RECORDS SHOWN:
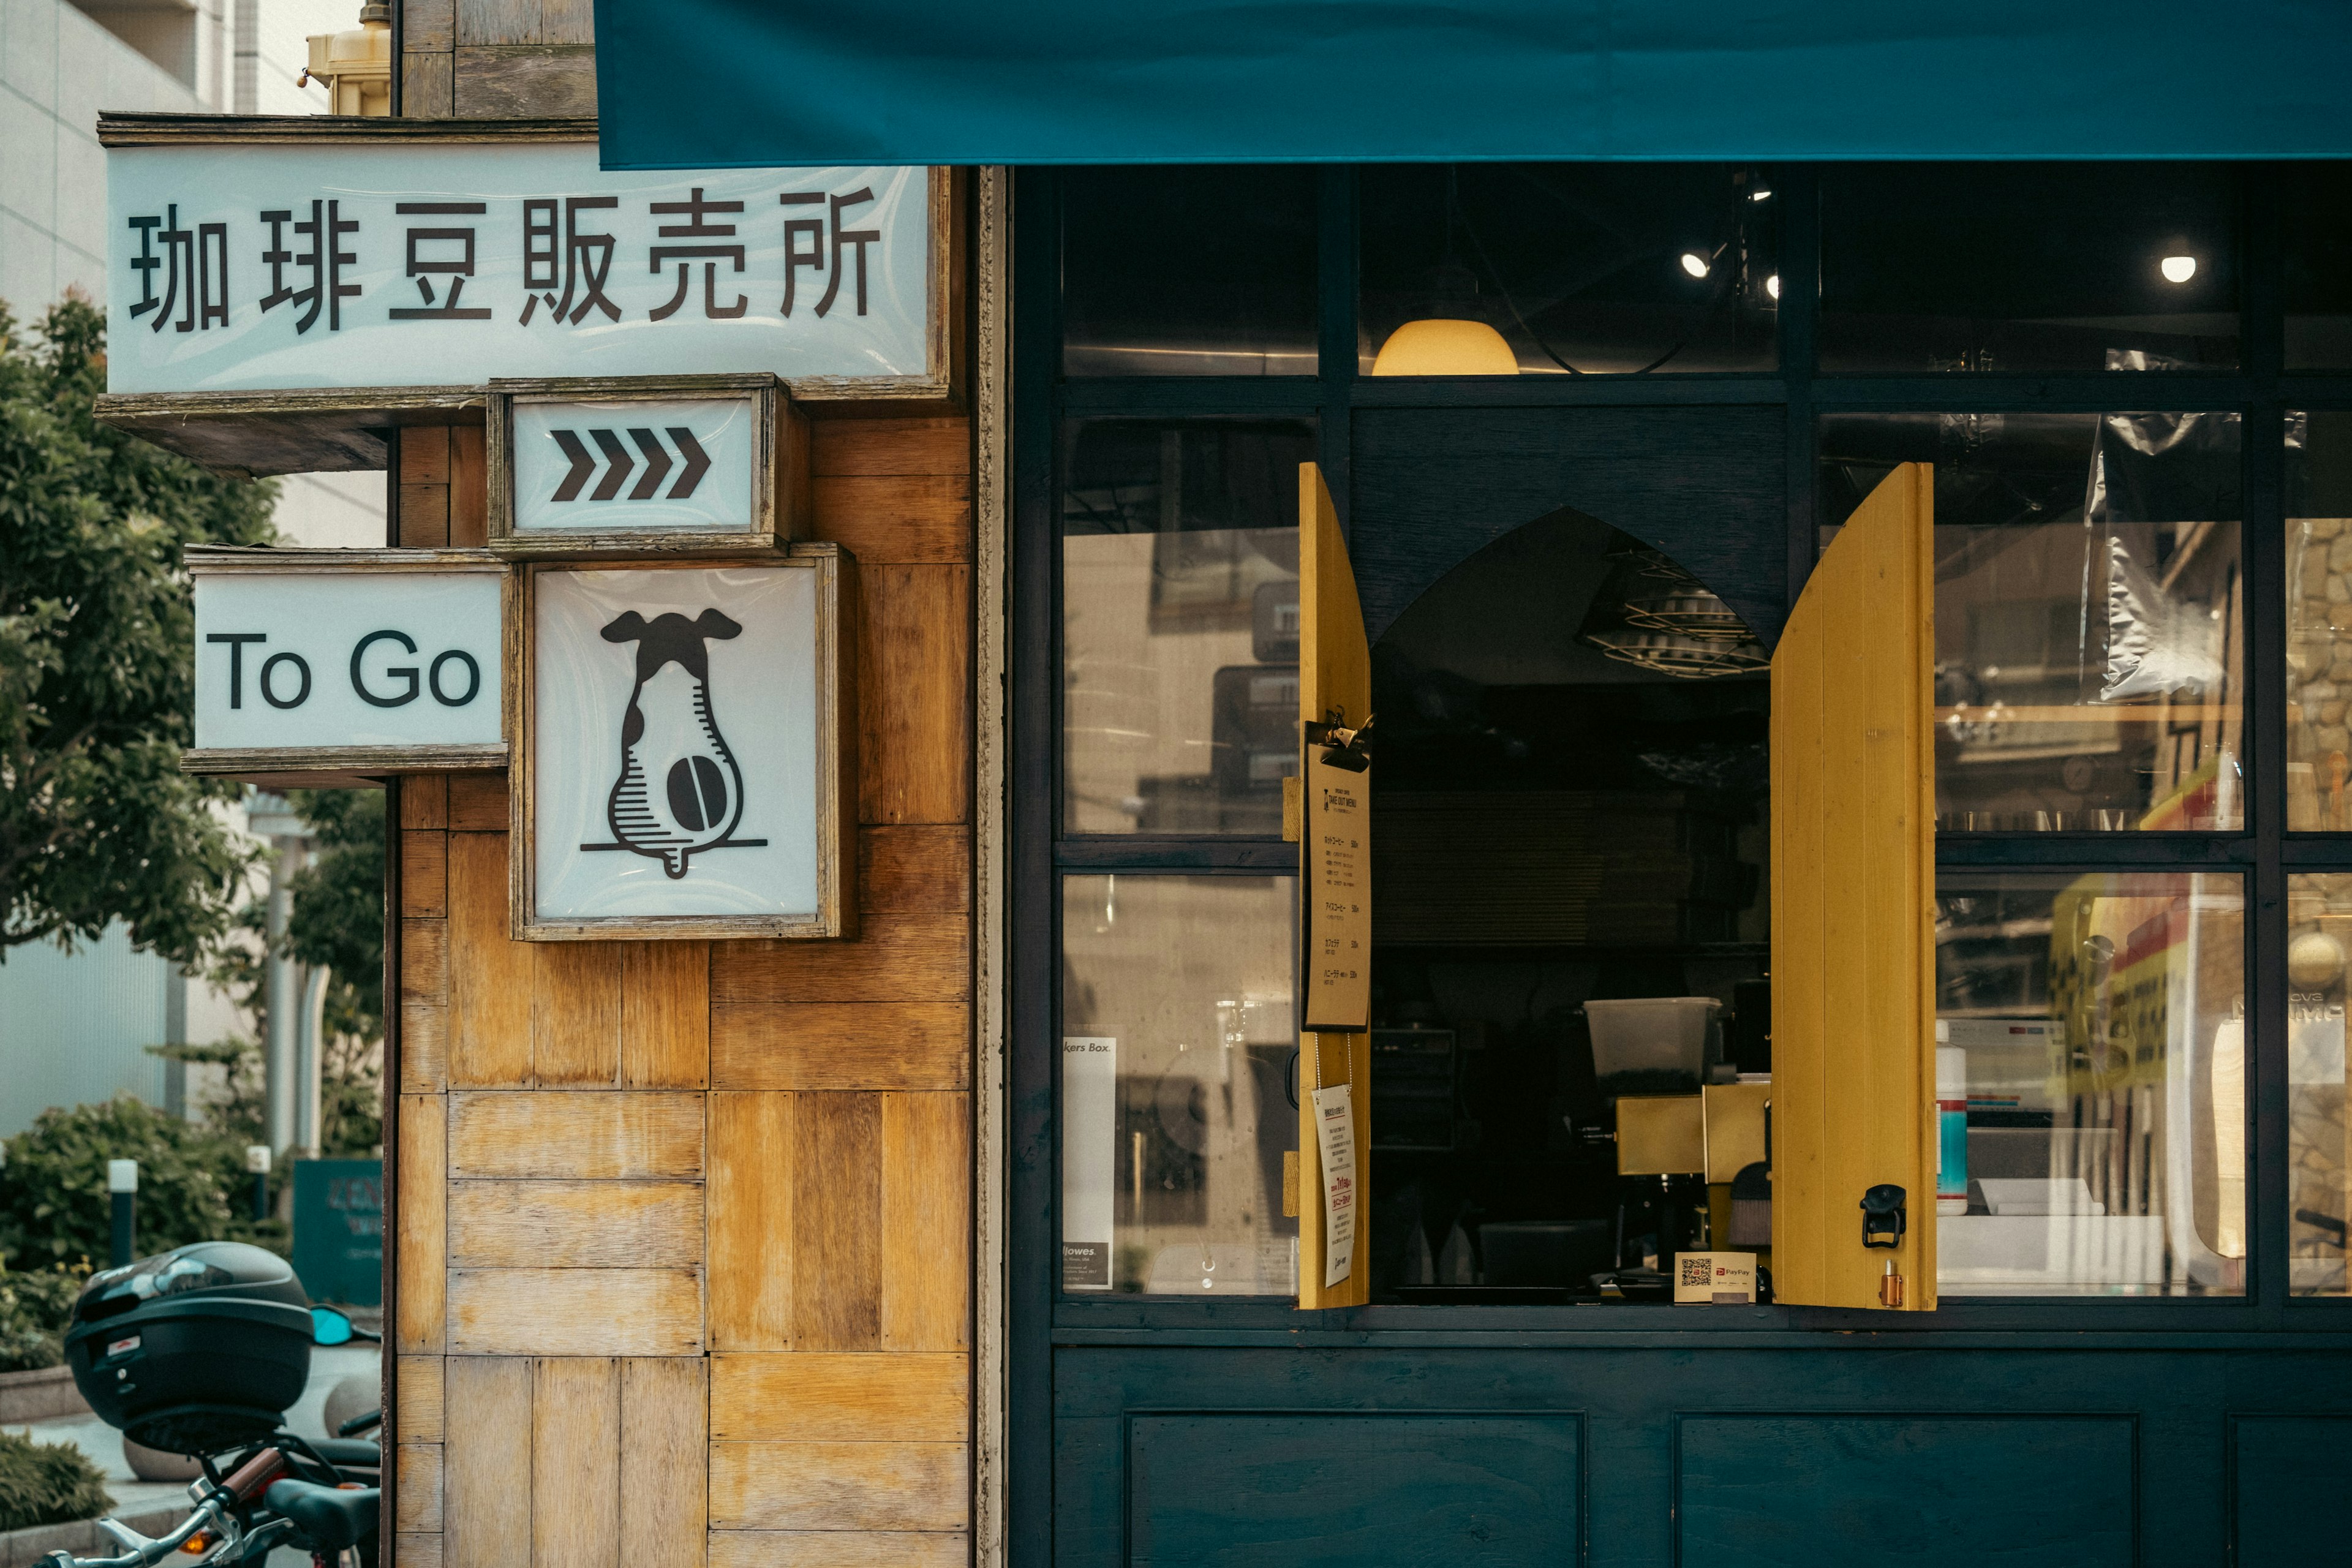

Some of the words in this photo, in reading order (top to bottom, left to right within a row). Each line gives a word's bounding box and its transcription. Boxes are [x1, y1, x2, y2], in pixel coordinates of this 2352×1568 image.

[128, 185, 880, 336] 珈琲豆販売所
[206, 631, 312, 710] To
[349, 628, 481, 709] Go
[1329, 795, 1338, 805] TAKE
[1346, 798, 1357, 808] MENU
[1325, 902, 1346, 911] アイスコーヒー
[1325, 939, 1340, 948] カフェラテ
[1324, 969, 1340, 978] ハニーラテ

WHAT IS REQUIRED:
The answer must be the full listing, word for word, with no images in it.

SOLUTION FOR THIS TASK:
Some of the words in this photo, in reading order (top to bottom, left to right within a row). Each line gives a word's bounding box and its transcription. Boxes are [x1, y1, x2, y2], in pixel coordinates of this 2352×1568 image.

[128, 185, 880, 336] 珈琲豆販売所
[206, 631, 312, 710] To
[349, 628, 481, 709] Go
[1329, 795, 1338, 805] TAKE
[1346, 798, 1357, 808] MENU
[1325, 902, 1346, 911] アイスコーヒー
[1325, 939, 1340, 948] カフェラテ
[1324, 969, 1340, 978] ハニーラテ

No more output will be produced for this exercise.